++++ DATASET

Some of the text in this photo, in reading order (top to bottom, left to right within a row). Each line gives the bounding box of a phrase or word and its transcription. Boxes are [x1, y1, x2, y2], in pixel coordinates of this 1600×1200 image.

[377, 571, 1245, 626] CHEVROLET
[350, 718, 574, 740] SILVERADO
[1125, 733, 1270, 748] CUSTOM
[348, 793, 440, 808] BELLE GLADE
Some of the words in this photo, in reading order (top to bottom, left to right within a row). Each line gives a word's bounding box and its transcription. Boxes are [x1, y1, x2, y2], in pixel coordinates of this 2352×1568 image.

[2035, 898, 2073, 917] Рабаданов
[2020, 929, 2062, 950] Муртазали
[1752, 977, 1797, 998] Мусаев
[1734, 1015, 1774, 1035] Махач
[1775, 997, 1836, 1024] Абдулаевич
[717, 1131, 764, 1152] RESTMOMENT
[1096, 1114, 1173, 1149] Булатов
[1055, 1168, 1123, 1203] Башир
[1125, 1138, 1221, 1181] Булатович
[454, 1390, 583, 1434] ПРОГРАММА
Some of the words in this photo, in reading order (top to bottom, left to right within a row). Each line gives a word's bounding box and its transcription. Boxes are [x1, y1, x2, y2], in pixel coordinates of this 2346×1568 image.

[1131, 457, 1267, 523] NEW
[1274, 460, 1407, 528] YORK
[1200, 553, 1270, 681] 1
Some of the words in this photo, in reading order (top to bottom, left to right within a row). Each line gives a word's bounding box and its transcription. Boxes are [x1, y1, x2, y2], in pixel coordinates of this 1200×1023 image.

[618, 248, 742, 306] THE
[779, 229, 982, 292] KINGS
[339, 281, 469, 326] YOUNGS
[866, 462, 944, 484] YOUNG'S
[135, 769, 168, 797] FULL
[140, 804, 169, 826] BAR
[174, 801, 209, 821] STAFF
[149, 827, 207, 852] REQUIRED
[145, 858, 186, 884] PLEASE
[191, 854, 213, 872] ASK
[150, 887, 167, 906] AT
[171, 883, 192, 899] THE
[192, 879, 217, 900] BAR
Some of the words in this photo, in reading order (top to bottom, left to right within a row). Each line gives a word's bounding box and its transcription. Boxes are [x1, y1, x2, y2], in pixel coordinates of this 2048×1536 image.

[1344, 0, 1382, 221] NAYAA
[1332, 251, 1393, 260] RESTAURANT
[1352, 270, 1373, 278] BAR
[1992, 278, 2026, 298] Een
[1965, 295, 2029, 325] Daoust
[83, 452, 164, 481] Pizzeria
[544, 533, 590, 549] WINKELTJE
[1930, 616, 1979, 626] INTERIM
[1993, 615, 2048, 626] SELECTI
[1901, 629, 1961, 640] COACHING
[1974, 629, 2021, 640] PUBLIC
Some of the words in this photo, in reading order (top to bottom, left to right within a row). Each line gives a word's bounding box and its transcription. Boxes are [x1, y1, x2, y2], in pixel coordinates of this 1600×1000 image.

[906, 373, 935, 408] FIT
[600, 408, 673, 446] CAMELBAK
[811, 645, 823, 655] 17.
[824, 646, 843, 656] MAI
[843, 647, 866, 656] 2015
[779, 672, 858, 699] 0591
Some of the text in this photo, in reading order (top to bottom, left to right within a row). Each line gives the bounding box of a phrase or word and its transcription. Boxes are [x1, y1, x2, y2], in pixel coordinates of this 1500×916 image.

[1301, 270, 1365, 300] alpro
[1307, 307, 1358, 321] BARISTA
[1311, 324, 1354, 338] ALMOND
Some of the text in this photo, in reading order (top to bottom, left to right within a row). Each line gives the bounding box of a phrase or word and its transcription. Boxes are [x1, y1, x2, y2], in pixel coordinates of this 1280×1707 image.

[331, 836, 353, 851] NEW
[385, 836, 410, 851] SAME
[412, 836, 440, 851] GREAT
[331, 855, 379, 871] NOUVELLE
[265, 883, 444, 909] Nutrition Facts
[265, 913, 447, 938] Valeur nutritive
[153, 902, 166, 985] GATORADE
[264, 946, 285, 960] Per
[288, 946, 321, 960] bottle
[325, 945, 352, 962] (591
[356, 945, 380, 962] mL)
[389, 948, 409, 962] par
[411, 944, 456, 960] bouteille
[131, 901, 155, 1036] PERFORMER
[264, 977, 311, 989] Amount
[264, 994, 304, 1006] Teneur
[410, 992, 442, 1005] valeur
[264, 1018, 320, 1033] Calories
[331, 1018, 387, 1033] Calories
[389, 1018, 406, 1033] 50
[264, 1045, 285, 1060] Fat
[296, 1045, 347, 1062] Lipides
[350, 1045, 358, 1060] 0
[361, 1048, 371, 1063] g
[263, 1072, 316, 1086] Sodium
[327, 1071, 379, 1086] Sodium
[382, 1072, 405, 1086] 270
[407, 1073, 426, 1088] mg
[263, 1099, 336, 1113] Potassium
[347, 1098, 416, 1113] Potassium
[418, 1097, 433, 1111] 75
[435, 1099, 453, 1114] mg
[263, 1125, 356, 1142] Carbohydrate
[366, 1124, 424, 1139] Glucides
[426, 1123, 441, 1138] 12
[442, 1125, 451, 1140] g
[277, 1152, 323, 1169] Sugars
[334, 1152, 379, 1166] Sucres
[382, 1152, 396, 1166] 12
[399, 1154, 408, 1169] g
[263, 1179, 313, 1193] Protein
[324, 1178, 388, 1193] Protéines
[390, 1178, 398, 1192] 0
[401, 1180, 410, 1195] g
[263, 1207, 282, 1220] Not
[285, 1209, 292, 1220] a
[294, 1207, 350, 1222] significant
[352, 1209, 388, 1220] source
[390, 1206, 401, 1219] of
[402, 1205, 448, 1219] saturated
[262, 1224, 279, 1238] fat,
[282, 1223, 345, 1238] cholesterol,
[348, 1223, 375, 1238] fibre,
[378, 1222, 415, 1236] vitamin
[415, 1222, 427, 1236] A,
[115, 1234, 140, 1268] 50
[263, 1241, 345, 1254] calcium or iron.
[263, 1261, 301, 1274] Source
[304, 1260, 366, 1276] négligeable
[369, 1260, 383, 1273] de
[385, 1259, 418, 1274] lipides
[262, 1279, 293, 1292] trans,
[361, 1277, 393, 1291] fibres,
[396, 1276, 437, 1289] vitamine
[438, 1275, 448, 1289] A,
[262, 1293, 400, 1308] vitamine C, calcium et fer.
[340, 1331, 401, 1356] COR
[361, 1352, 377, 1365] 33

++++++++

### WHAT THE TASK REQUIRES
With no words changed, transcribe the records above.

### RESULT FOR THIS EXERCISE
Some of the text in this photo, in reading order (top to bottom, left to right within a row). Each line gives the bounding box of a phrase or word and its transcription. Boxes are [x1, y1, x2, y2], in pixel coordinates of this 1600×1200 image.

[377, 571, 1245, 626] CHEVROLET
[350, 718, 574, 740] SILVERADO
[1125, 733, 1270, 748] CUSTOM
[348, 793, 440, 808] BELLE GLADE
Some of the words in this photo, in reading order (top to bottom, left to right within a row). Each line gives a word's bounding box and its transcription. Boxes are [x1, y1, x2, y2], in pixel coordinates of this 2352×1568 image.

[2035, 898, 2073, 917] Рабаданов
[2020, 929, 2062, 950] Муртазали
[1752, 977, 1797, 998] Мусаев
[1734, 1015, 1774, 1035] Махач
[1775, 997, 1836, 1024] Абдулаевич
[717, 1131, 764, 1152] RESTMOMENT
[1096, 1114, 1173, 1149] Булатов
[1055, 1168, 1123, 1203] Башир
[1125, 1138, 1221, 1181] Булатович
[454, 1390, 583, 1434] ПРОГРАММА
Some of the words in this photo, in reading order (top to bottom, left to right within a row). Each line gives a word's bounding box and its transcription. Boxes are [x1, y1, x2, y2], in pixel coordinates of this 2346×1568 image.

[1131, 457, 1267, 523] NEW
[1274, 460, 1407, 528] YORK
[1200, 553, 1270, 681] 1
Some of the words in this photo, in reading order (top to bottom, left to right within a row). Each line gives a word's bounding box and its transcription. Boxes are [x1, y1, x2, y2], in pixel coordinates of this 1200×1023 image.

[618, 248, 742, 306] THE
[779, 229, 982, 292] KINGS
[339, 281, 469, 326] YOUNGS
[866, 462, 944, 484] YOUNG'S
[135, 769, 168, 797] FULL
[140, 804, 169, 826] BAR
[174, 801, 209, 821] STAFF
[149, 827, 207, 852] REQUIRED
[145, 858, 186, 884] PLEASE
[191, 854, 213, 872] ASK
[150, 887, 167, 906] AT
[171, 883, 192, 899] THE
[192, 879, 217, 900] BAR
Some of the words in this photo, in reading order (top to bottom, left to right within a row). Each line gives a word's bounding box and its transcription. Boxes are [x1, y1, x2, y2], in pixel coordinates of this 2048×1536 image.

[1344, 0, 1382, 221] NAYAA
[1332, 251, 1393, 260] RESTAURANT
[1352, 270, 1373, 278] BAR
[1992, 278, 2026, 298] Een
[1965, 295, 2029, 325] Daoust
[83, 452, 164, 481] Pizzeria
[544, 533, 590, 549] WINKELTJE
[1930, 616, 1979, 626] INTERIM
[1993, 615, 2048, 626] SELECTI
[1901, 629, 1961, 640] COACHING
[1974, 629, 2021, 640] PUBLIC
Some of the words in this photo, in reading order (top to bottom, left to right within a row). Each line gives a word's bounding box and its transcription. Boxes are [x1, y1, x2, y2], in pixel coordinates of this 1600×1000 image.

[906, 373, 935, 408] FIT
[600, 408, 673, 446] CAMELBAK
[811, 645, 823, 655] 17.
[824, 646, 843, 656] MAI
[843, 647, 866, 656] 2015
[779, 672, 858, 699] 0591
Some of the text in this photo, in reading order (top to bottom, left to right within a row). Each line gives the bounding box of a phrase or word and its transcription. Boxes are [x1, y1, x2, y2], in pixel coordinates of this 1500×916 image.

[1301, 270, 1365, 300] alpro
[1307, 307, 1358, 321] BARISTA
[1311, 324, 1354, 338] ALMOND
Some of the text in this photo, in reading order (top to bottom, left to right within a row). Each line gives the bounding box of a phrase or word and its transcription. Boxes are [x1, y1, x2, y2], in pixel coordinates of this 1280×1707 image.

[331, 836, 353, 851] NEW
[385, 836, 410, 851] SAME
[412, 836, 440, 851] GREAT
[331, 855, 379, 871] NOUVELLE
[265, 883, 444, 909] Nutrition Facts
[265, 913, 447, 938] Valeur nutritive
[153, 902, 166, 985] GATORADE
[264, 946, 285, 960] Per
[288, 946, 321, 960] bottle
[325, 945, 352, 962] (591
[356, 945, 380, 962] mL)
[389, 948, 409, 962] par
[411, 944, 456, 960] bouteille
[131, 901, 155, 1036] PERFORMER
[264, 977, 311, 989] Amount
[264, 994, 304, 1006] Teneur
[410, 992, 442, 1005] valeur
[264, 1018, 320, 1033] Calories
[331, 1018, 387, 1033] Calories
[389, 1018, 406, 1033] 50
[264, 1045, 285, 1060] Fat
[296, 1045, 347, 1062] Lipides
[350, 1045, 358, 1060] 0
[361, 1048, 371, 1063] g
[263, 1072, 316, 1086] Sodium
[327, 1071, 379, 1086] Sodium
[382, 1072, 405, 1086] 270
[407, 1073, 426, 1088] mg
[263, 1099, 336, 1113] Potassium
[347, 1098, 416, 1113] Potassium
[418, 1097, 433, 1111] 75
[435, 1099, 453, 1114] mg
[263, 1125, 356, 1142] Carbohydrate
[366, 1124, 424, 1139] Glucides
[426, 1123, 441, 1138] 12
[442, 1125, 451, 1140] g
[277, 1152, 323, 1169] Sugars
[334, 1152, 379, 1166] Sucres
[382, 1152, 396, 1166] 12
[399, 1154, 408, 1169] g
[263, 1179, 313, 1193] Protein
[324, 1178, 388, 1193] Protéines
[390, 1178, 398, 1192] 0
[401, 1180, 410, 1195] g
[263, 1207, 282, 1220] Not
[285, 1209, 292, 1220] a
[294, 1207, 350, 1222] significant
[352, 1209, 388, 1220] source
[390, 1206, 401, 1219] of
[402, 1205, 448, 1219] saturated
[262, 1224, 279, 1238] fat,
[282, 1223, 345, 1238] cholesterol,
[348, 1223, 375, 1238] fibre,
[378, 1222, 415, 1236] vitamin
[415, 1222, 427, 1236] A,
[115, 1234, 140, 1268] 50
[263, 1241, 345, 1254] calcium or iron.
[263, 1261, 301, 1274] Source
[304, 1260, 366, 1276] négligeable
[369, 1260, 383, 1273] de
[385, 1259, 418, 1274] lipides
[262, 1279, 293, 1292] trans,
[361, 1277, 393, 1291] fibres,
[396, 1276, 437, 1289] vitamine
[438, 1275, 448, 1289] A,
[262, 1293, 400, 1308] vitamine C, calcium et fer.
[340, 1331, 401, 1356] COR
[361, 1352, 377, 1365] 33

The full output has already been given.